[Records drawn from a dataset]
--*--

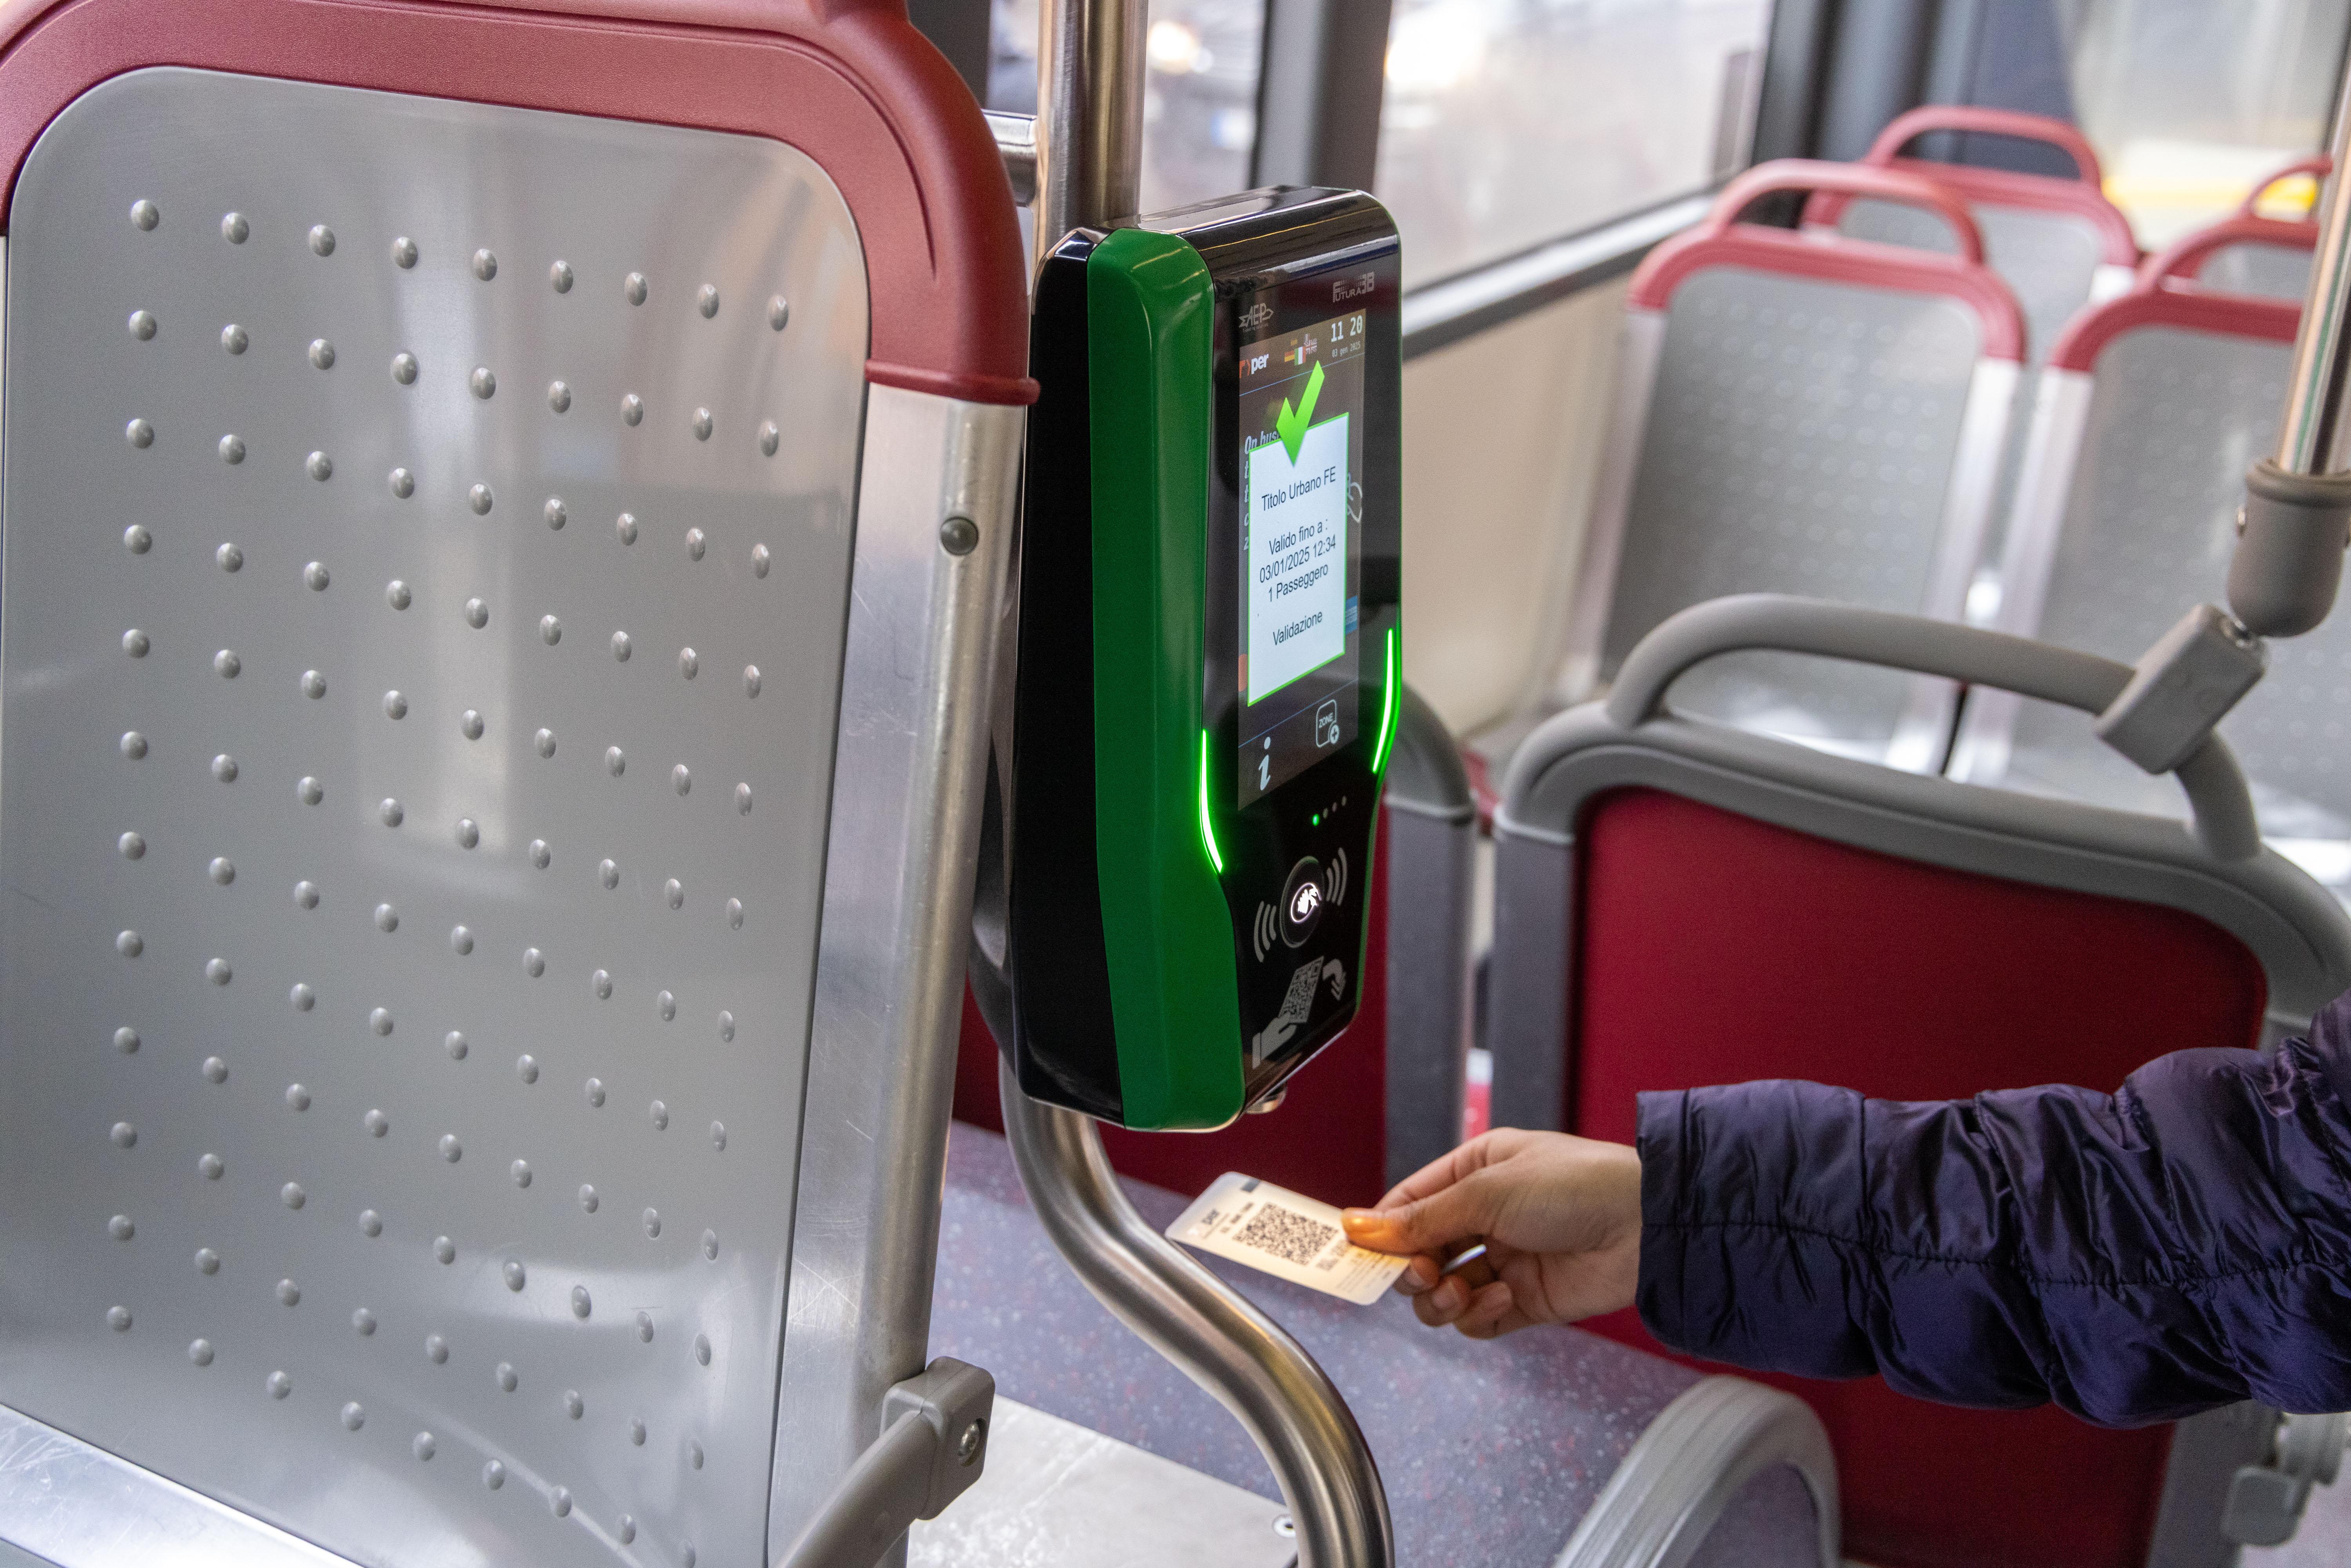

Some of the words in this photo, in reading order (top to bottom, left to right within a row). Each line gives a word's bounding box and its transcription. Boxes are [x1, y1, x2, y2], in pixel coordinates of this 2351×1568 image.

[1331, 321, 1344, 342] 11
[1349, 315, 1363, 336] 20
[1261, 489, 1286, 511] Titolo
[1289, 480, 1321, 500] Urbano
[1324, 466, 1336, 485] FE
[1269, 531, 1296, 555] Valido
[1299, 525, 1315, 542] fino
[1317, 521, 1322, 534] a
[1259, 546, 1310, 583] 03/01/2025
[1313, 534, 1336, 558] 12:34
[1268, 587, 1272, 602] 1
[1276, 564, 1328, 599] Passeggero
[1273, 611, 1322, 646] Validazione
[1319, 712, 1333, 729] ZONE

--*--

WHAT THE TASK ASKS = Make an exact copy of the records above, one that has none of the pictures.

EXPECTED ANSWER =
Some of the words in this photo, in reading order (top to bottom, left to right within a row). Each line gives a word's bounding box and its transcription. Boxes are [x1, y1, x2, y2], in pixel coordinates of this 2351×1568 image.

[1331, 321, 1344, 342] 11
[1349, 315, 1363, 336] 20
[1261, 489, 1286, 511] Titolo
[1289, 480, 1321, 500] Urbano
[1324, 466, 1336, 485] FE
[1269, 531, 1296, 555] Valido
[1299, 525, 1315, 542] fino
[1317, 521, 1322, 534] a
[1259, 546, 1310, 583] 03/01/2025
[1313, 534, 1336, 558] 12:34
[1268, 587, 1272, 602] 1
[1276, 564, 1328, 599] Passeggero
[1273, 611, 1322, 646] Validazione
[1319, 712, 1333, 729] ZONE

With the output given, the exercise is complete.